Likewise, antral and duodenal motility indexes for phase II were not
significantly different from control (Table 4). The effect of
concomitant infusion of famotidine together with gastrin on the MMC was
similar to that of infusion of famotidine alone (Tables 1-4).
 |
DISCUSSION |
The present study shows that exogenous gastrin infused to postprandial
plasma levels interrupts the cycling pattern of the MMC by suppressing
gastric onset of phase III motor activity and prolonging the
reoccurrence of phase III motor activity in the duodenum. Infusion of
gastrin reduced phase II motor activity in both the antrum and the
duodenum. Our findings indicate that the effect of gastrin on
gastrointestinal motility results from increased intraluminal acidity,
because it is no longer observed during gastrin infusion and
concomitant gastric acid inhibition with famotidine. Finally, we have
shown that inhibition of gastric acid secretion with famotidine has a
promoting effect on the occurrence of the MMC by shortening its cycle
length.
Our results are in agreement with those of Erckenbrecht et al. (15),
showing that infusion of pentagastrin without gastric acid inhibition
interrupts the interdigestive motor pattern. These authors concluded
that gastrin is a likely candidate for the postprandial interruption of
the MMC. Our results suggest that gastrin itself is probably not
involved in the postprandial interruption of the MMC, because gastric
acid inhibition with famotidine completely antagonized the effect of
gastrin on antroduodenal motility. Similarly, Dooley et al. (13) have
shown that gastrin-17 infused to postprandial plasma levels combined
with continuous gastric aspiration does not affect interdigestive
intestinal motility. In contrast to our study, however, the
interventions in the latter study were not timed with respect to the
different phases of the MMC cycle. Furthermore, only the number of
occurrences of intestinal phase III were included in their analysis on
MMC cycling, which therefore neglected the temporal organization of the
MMC. In the canine species, both pentagastrin and gastrin-17, with or
without continuous gastric aspiration, were reported to interrupt the
MMC (28, 41, 43). Despite these observations, the role of gastrin in the postprandial interruption of the MMC has been questioned in this
species because 1) certain food
substances that interrupt the MMC lack the ability to stimulate
endogenous gastrin release (14) and
2) infusion of pentagastrin fails to
interrupt the MMC in the distal small intestine (43).

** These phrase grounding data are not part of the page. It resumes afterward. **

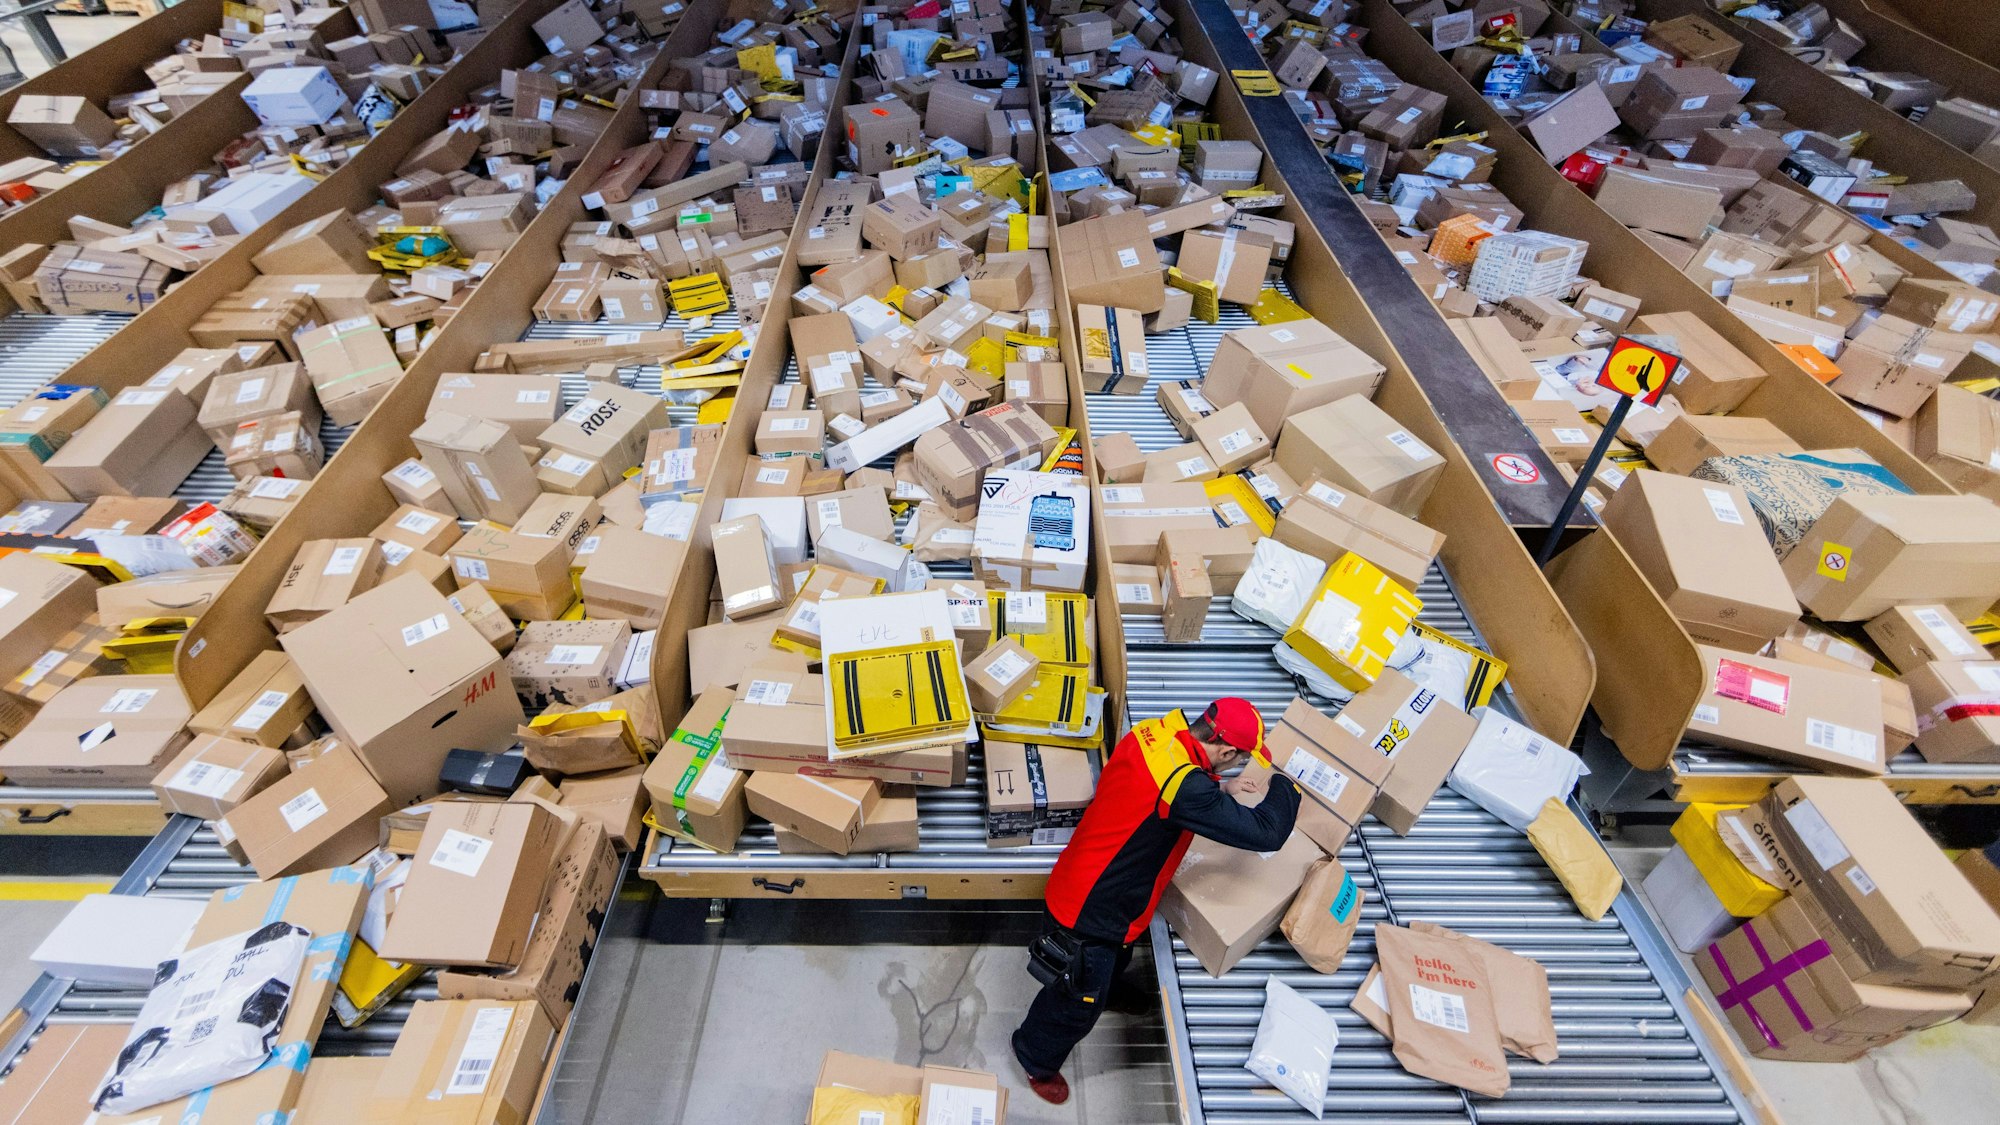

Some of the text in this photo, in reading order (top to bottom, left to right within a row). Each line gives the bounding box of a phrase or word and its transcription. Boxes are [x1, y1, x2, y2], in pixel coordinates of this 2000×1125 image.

[581, 399, 621, 436] ROSE
[547, 512, 569, 535] asos
[569, 519, 588, 546] asos
[283, 563, 304, 588] HSE
[464, 671, 495, 707] H&M
[1753, 822, 1802, 888] öffnen!
[1414, 955, 1455, 974] hello,
[1417, 968, 1476, 989] i'm here

Suppression of interdigestive gastrointestinal motility by gastric acid
was also demonstrated in patients with gastric acid hypersecretion. In
these patients, interdigestive gastrointestinal motility is
characterized by a reduced occurrence of both antral and duodenal phase
III compared with normosecretory subjects (8, 19). Pharmacological
inhibition of gastric acid secretion (6) and intragastric
neutralization of pH with sodium bicarbonate (9) restore the
interdigestive motor pattern in this group of patients to that seen in
healthy subjects. Similarly, stimulation of gastric acid secretion in
healthy subjects prolongs the cycling rate of the MMC (6, 8). Although
intraluminal acidification appears to be a potent inhibitor of
gastrointestinal motility, it might be questioned at this point whether
its effect on motility originates in the stomach or the duodenum.

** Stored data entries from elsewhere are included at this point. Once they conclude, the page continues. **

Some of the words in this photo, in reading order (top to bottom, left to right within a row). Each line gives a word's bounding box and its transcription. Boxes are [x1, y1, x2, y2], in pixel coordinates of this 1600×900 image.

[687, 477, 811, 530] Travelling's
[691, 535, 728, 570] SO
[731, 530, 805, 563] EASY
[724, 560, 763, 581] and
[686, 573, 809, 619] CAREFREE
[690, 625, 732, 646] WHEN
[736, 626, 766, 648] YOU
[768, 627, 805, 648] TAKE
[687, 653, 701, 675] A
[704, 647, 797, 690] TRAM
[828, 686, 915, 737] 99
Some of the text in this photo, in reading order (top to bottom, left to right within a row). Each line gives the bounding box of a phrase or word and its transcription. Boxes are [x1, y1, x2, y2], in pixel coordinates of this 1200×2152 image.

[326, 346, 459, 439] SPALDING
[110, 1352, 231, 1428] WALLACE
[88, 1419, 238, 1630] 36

Previous studies in the canine species suggest that the proximal
duodenum is a sensitive site for inhibition of gastric emptying through
intraluminal acidification (11, 30). In humans, Misiewicz et al. (33)
demonstrated that infusion of pentagastrin during continuous aspiration
of gastric contents did not inhibit gastric motility until gastric acid
was allowed to enter the duodenum. Likewise, Couturier et al. (12)

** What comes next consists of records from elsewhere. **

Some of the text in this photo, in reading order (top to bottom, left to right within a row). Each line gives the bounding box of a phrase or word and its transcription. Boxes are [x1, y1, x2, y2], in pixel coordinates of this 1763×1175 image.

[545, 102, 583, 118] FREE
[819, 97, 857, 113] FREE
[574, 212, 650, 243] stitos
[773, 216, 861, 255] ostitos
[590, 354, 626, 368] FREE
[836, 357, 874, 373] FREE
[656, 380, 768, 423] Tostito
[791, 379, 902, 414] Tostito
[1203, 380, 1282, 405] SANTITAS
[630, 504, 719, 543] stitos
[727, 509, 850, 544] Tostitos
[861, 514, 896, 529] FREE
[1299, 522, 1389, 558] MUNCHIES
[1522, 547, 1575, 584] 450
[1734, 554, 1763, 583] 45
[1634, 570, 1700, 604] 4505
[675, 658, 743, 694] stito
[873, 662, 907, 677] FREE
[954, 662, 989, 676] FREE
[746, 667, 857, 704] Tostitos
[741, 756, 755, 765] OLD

showed that intragastric acid infusion in humans inhibits gastric
myoelectrical activity to the same extent as intraduodenal infusion of
acid at infusion rates that resembled gastric emptying of the solution
studied during intragastric infusion. Therefore, the duodenum should be considered as a potential site through which gastrin exerts its effect
on antroduodenal motility by intraluminal acidification as in the
present study. Our study design, however, does not allow us to exclude
an effect of gastrin on motility resulting from intragastric
acidification.
Motilin may play an important role in the initiation of phase III in
the stomach. Motilin is released periodically during the interdigestive
state, and two- to threefold increments in plasma motilin are related
to occurrences of phase III that originate in the stomach (36).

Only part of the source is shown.